When a pharmacy dispenses the wrong drug, modern safety practice doesn't ask "who did this?" It asks "why did our system allow this error to happen?" The technician who grabbed Lamictal instead of Lamisil — identical-looking bottles on adjacent shelves, third overtime shift, constant interruptions — is treated as the final victim of a chain of latent failures, not the cause.

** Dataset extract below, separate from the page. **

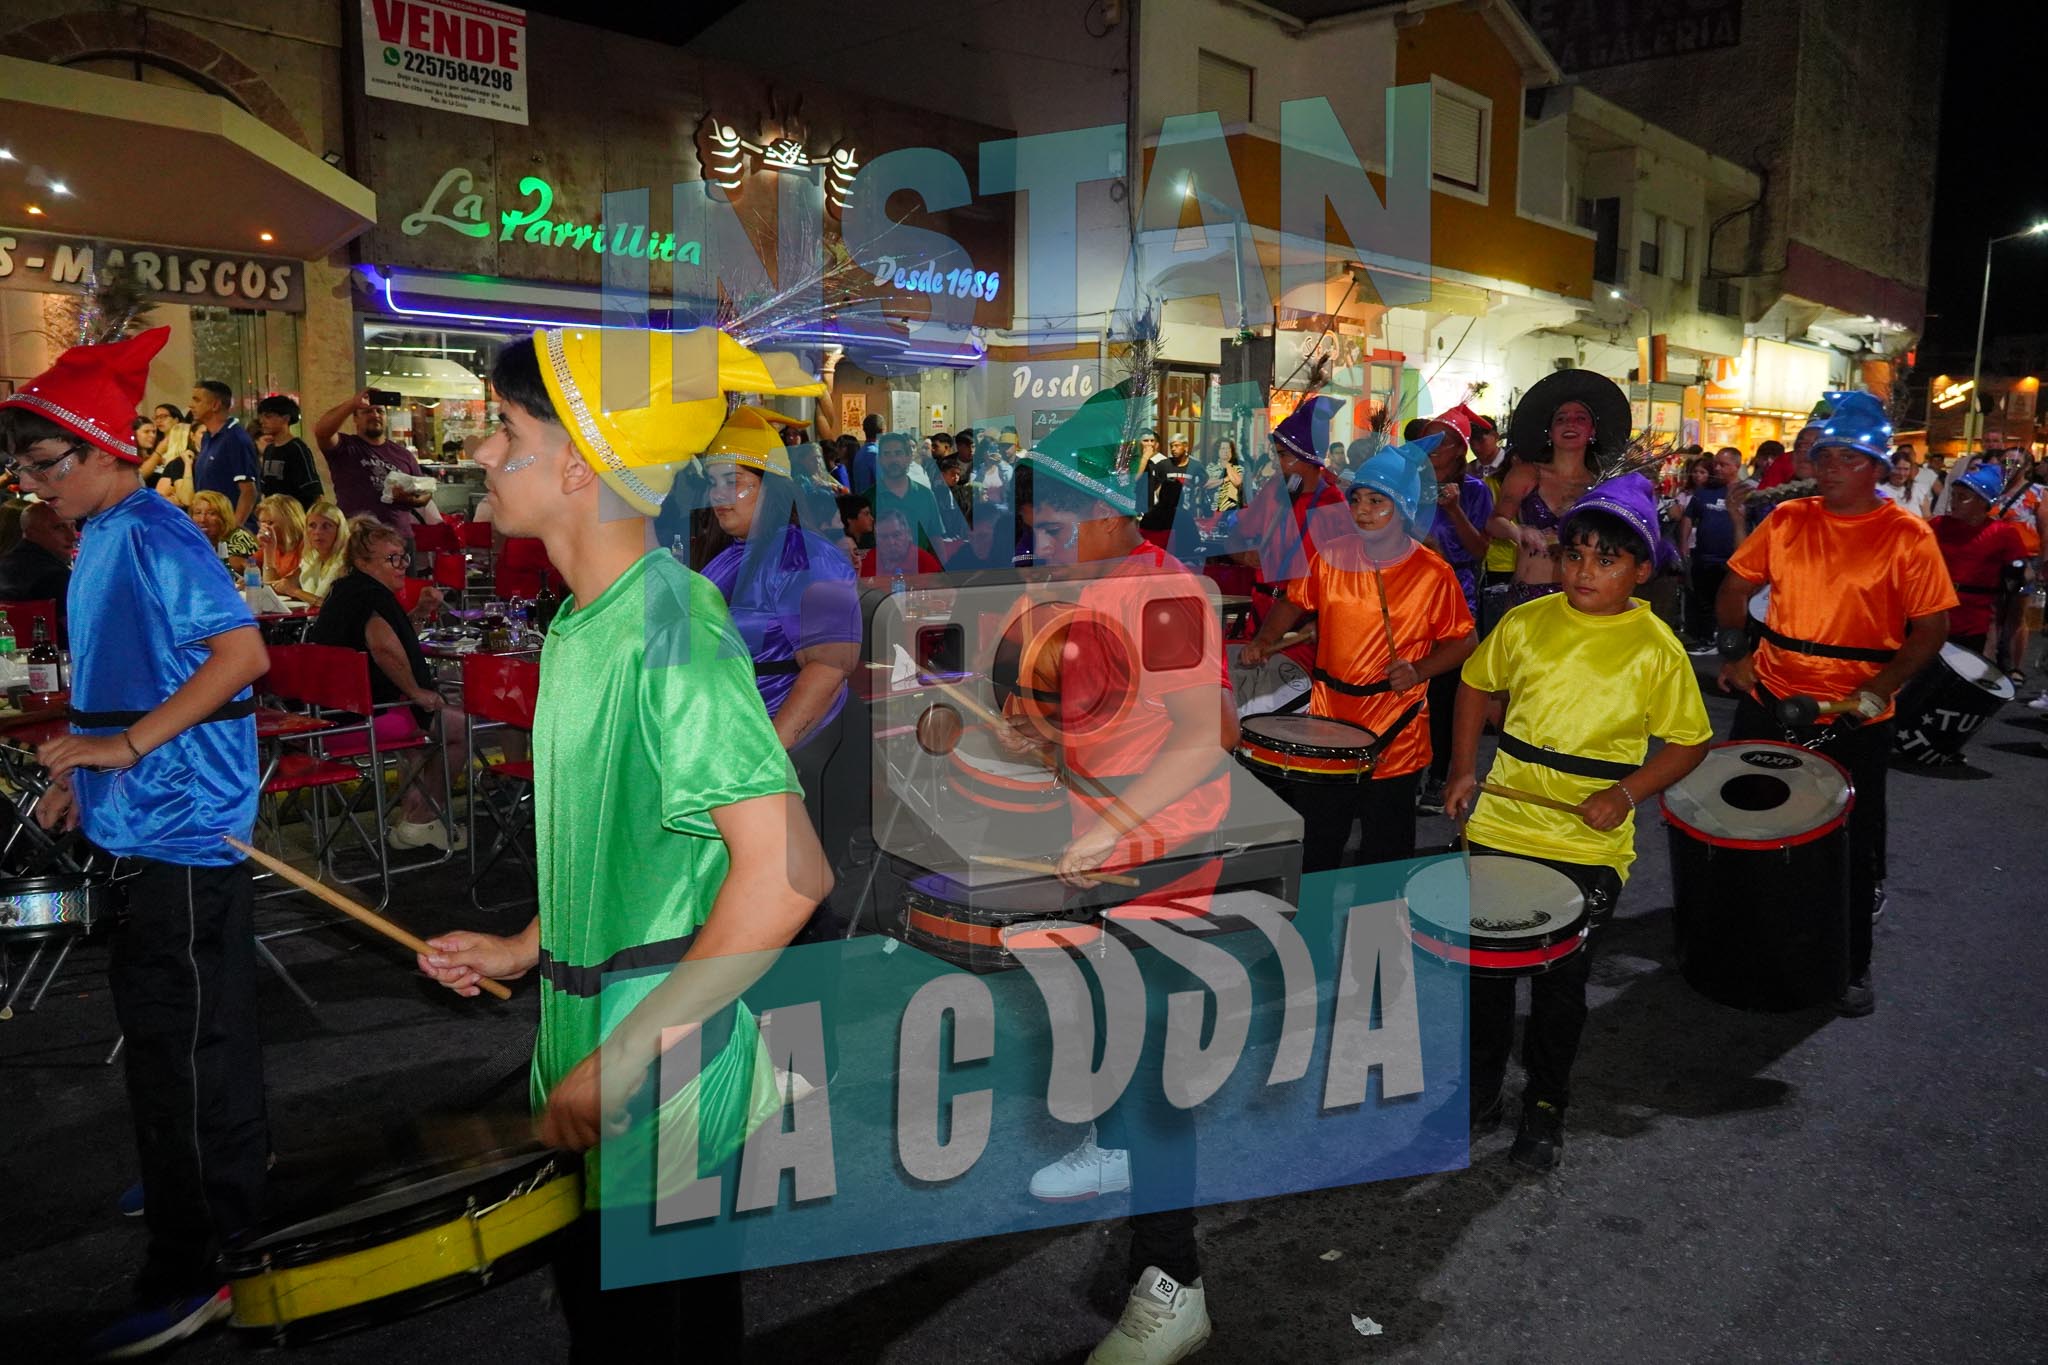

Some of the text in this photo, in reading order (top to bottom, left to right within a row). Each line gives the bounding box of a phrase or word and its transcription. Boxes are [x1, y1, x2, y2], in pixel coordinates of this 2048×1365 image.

The investigation produces a CAPA plan: separate the look-alike drugs, reconfigure the verification station, cap overtime. The organization learns. The system gets safer for the next thousand patients.
Journalism's error correction names the fact that was wrong — "we misidentified X as Y" — and stops. It never names the system that produced the error. No newsroom publishes: "our fact-checking workflow has no LASA alert for similar-sounding names, and here's the understaffing pattern that contributed to the miss."
The disanalogy is the error type. A pharmacy error is a dispensing event with a measurable outcome — wrong drug, patient hospitalized, harm documented. A journalistic error is epistemic. The harm is diffuse, reputational, and often contested. You can RCA a wrong pill. You can't RCA a wrong framing without the framing itself being the thing under dispute. Root cause analysis requires agreement on what the failure was; in journalism, that agreement is precisely what's at stake.